Ionat Zurr: And also allow all of those different people working together in a shared space, and see how they’re talking to each other and how they’re affecting each other, and what those kinds of collaborations produce.
Oron Catts: I think if we can do it here in London, having Imperial College and the Science Museum nearby, that really would open up the possibility of taking the whole life cycle of those works from initial kind of ideas, through research, development, production and display. And that would be a really good place to investigate the strategies of showing living biological materials within different contexts, using the expertise here also to develop sets of tools that would enable artists and designers to continue their research into the display of those biological systems.
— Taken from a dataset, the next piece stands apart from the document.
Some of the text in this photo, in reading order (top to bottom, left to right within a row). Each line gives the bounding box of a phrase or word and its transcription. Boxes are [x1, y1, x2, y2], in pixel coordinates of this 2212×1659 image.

What’s happened in the last couple of years at the RCA is that this type of interest in biological research has extended beyond design interactions, and now textiles and fashion, innovation design engineering and architecture have a great interest in these possibilities. So we really see a great potential here. I hope it will become a resource, like the computer lab, to provide students and researchers here at the College to work with new materials, new technologies.
We see around the world that you don’t have to have a PhD in cell biology to do tissue engineering. The protocols, the systems, the technology’s already there. Biology is becoming more and more like engineering, and that will result in ease and simplicity of manipulating life forms, for better or for worse. So you will see more designers and artists working in this area, whereas when we started there were maybe two other people in the world that were making art using living biological systems.
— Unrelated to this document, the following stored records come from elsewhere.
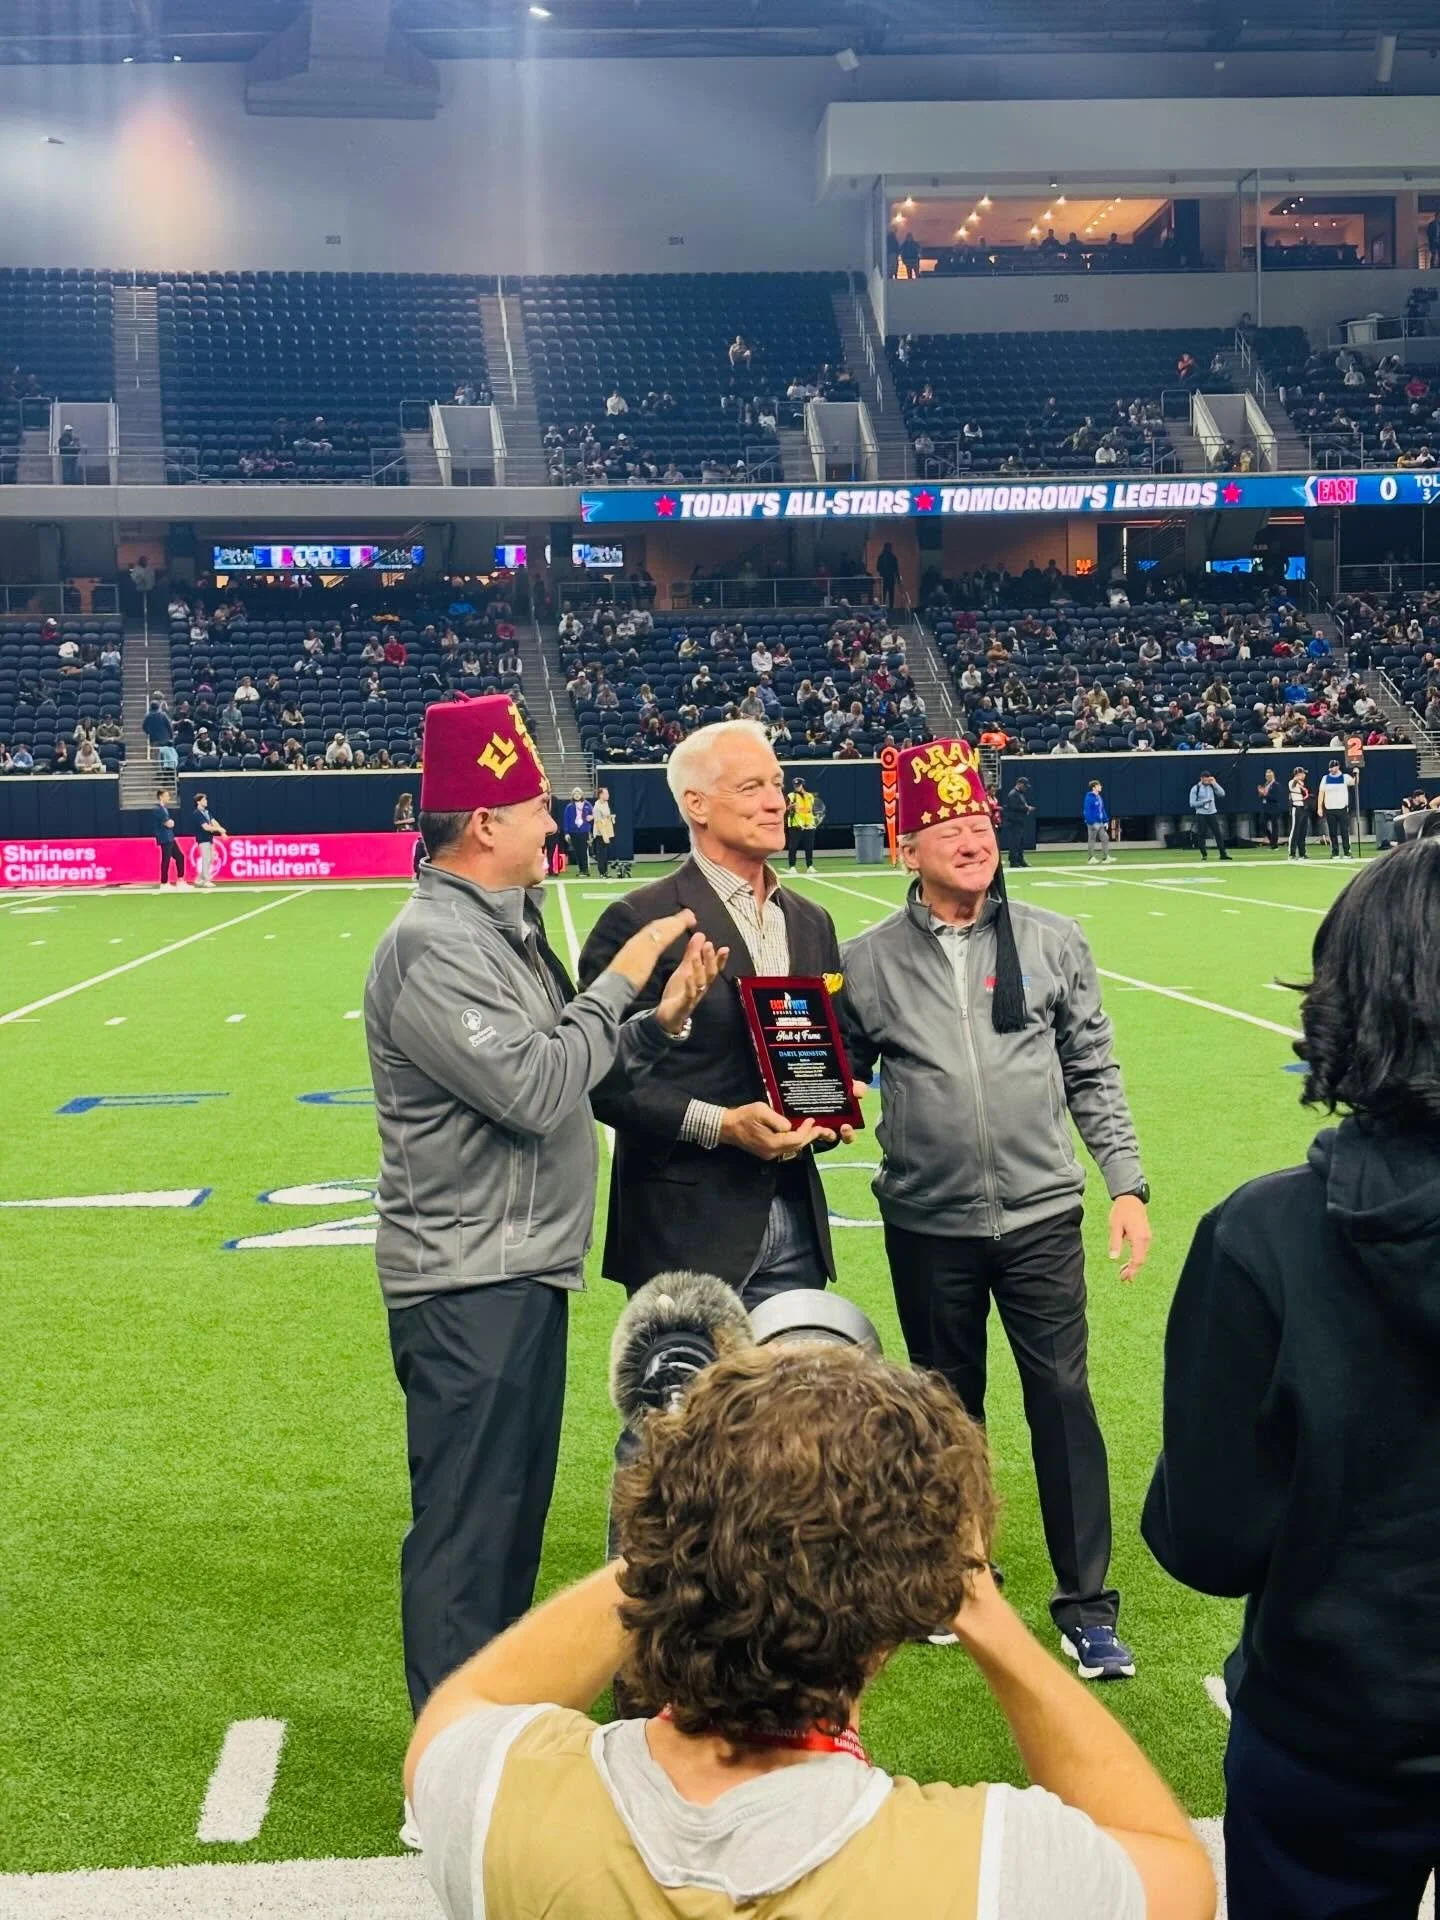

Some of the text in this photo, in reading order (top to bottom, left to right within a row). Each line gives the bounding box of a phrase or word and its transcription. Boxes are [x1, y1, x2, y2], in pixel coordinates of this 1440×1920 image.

[680, 481, 1218, 518] TODAY'S ALL-STARS TOMORROW'S LEGENDS
[1316, 476, 1398, 505] EAST 0
[1347, 737, 1363, 756] 2
[3, 844, 97, 862] Shriners
[230, 840, 320, 858] Shriners
[3, 862, 107, 882] Children's
[230, 858, 330, 877] Children's
[776, 1030, 793, 1041] Hall
[801, 1030, 820, 1041] Fame
And if we’re not going to engage in the cultural issues around using biology as a raw material to make products as an engineer, what’s the point of doing it in an art school or an art and design school? By definition, by putting it here, you open it up to those kinds of discourses. We will try to push the cultural aspects of it and questioning, but at the same time allowing the investigation of this resource ‘value-free’. I would imagine that most of the artists and designers, by definition, during their engagement with it, would have some kind of value judgement around what they’re doing, questioning what they’re doing. We hope so, that’s critical thinking.
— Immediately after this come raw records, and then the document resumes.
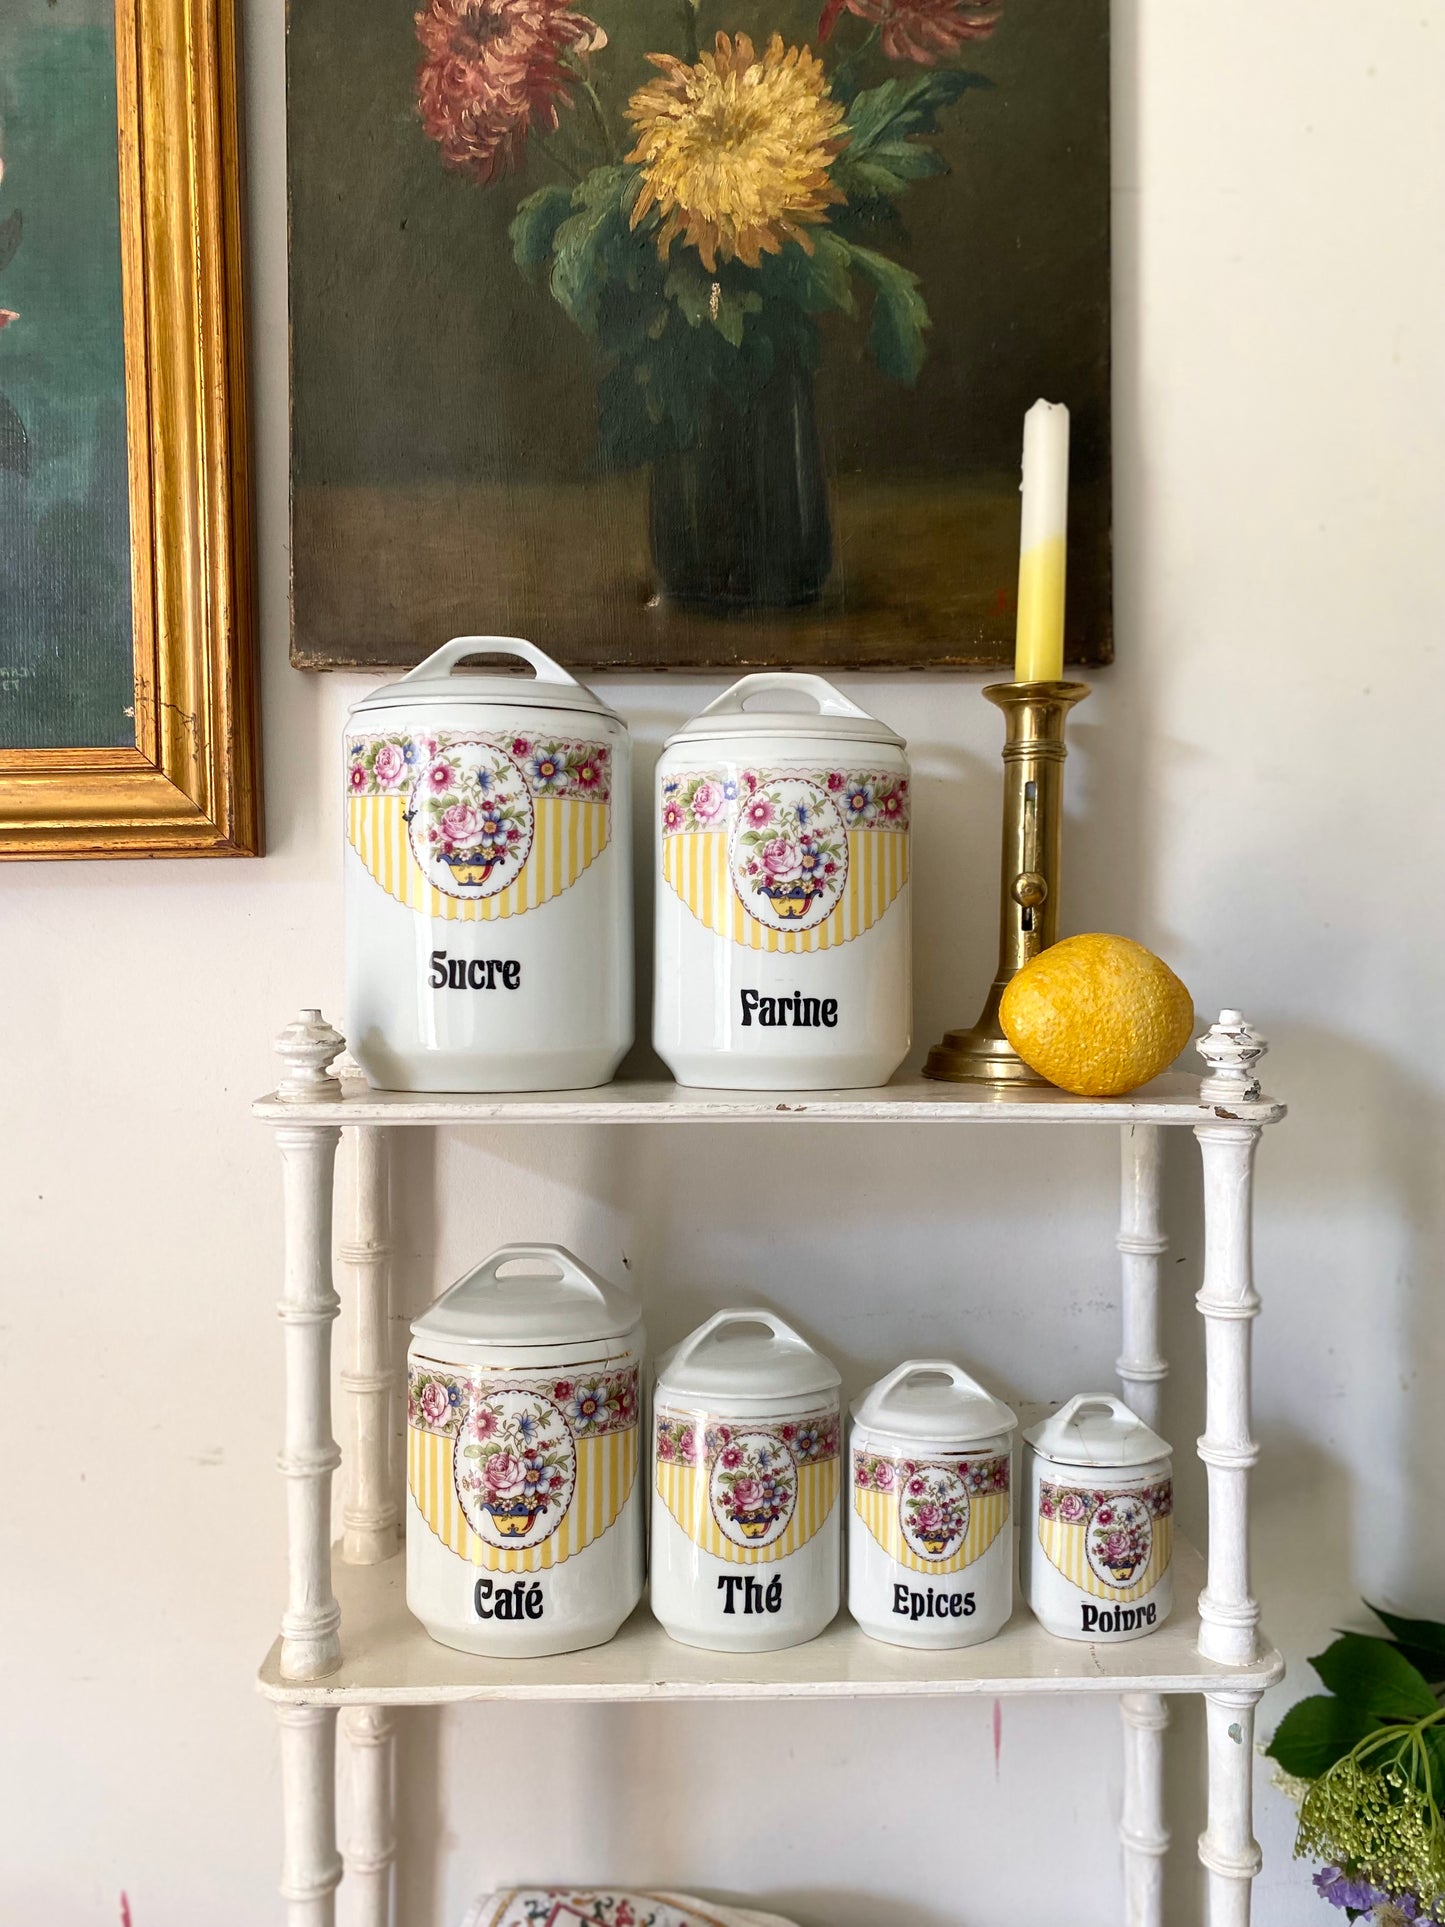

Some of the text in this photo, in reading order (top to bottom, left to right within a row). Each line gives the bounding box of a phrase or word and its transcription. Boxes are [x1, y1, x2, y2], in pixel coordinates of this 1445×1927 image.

[428, 951, 521, 990] Sucre
[740, 989, 838, 1028] Farine
[474, 1578, 544, 1620] Café
[717, 1573, 782, 1615] Thé
[892, 1583, 977, 1621] Epices
[1081, 1601, 1157, 1633] Poivre
I think what’s interesting with the RCA is that they recognised its importance before many of the other art schools, or art and design schools, especially through the work that was done in Design Interactions. The opportunity is there for RCA to maintain that interrogation by developing the best lab possible and offering it to this wide variety of cultures.
Ionat Zurr: And because designers are all about taking the work out of the lab  and into the real world, it makes sense for designers to enter that conversation, and start to design the products that the biological engineers are working on. All sorts of new ideas will have to emerge around the relation between consumer products and the actual customers, which is very interesting from an end-to-end design perspective. We’ll have to change the way we treat objects: a semi-living lamp would have to come with instructions for how to maintain it, and what happens if it gets sick or contaminated. What is the ‘contract’ between the customer and the object, in the event that it dies?
Oron Catts: On a macro scale, when we marry the type of business model that creates contemporary economies with the power of those new technologies of biology – and especially the mindsets that assume power over biological systems – we’ll need to figure out ways in which our understanding of biological systems can also help us understand that we need to change the way we think about our place in the world, and how we think about controlling it and who’s got the power to control it.
Ionat Zurr: The engineering mindset needs things to be efficient, to be strong, to get rid of all the ‘noise’. And for me life is mainly noise, you know. If you get rid of that, you get rid of life. So you really need to try and approach it with a different mindset. That might evolve here at the RCA, having all those artists and designers and thinkers working with life and finding other ways to work with life which is again, not about efficiency of getting rid of the noise, but rather, listening and doing something with the noise.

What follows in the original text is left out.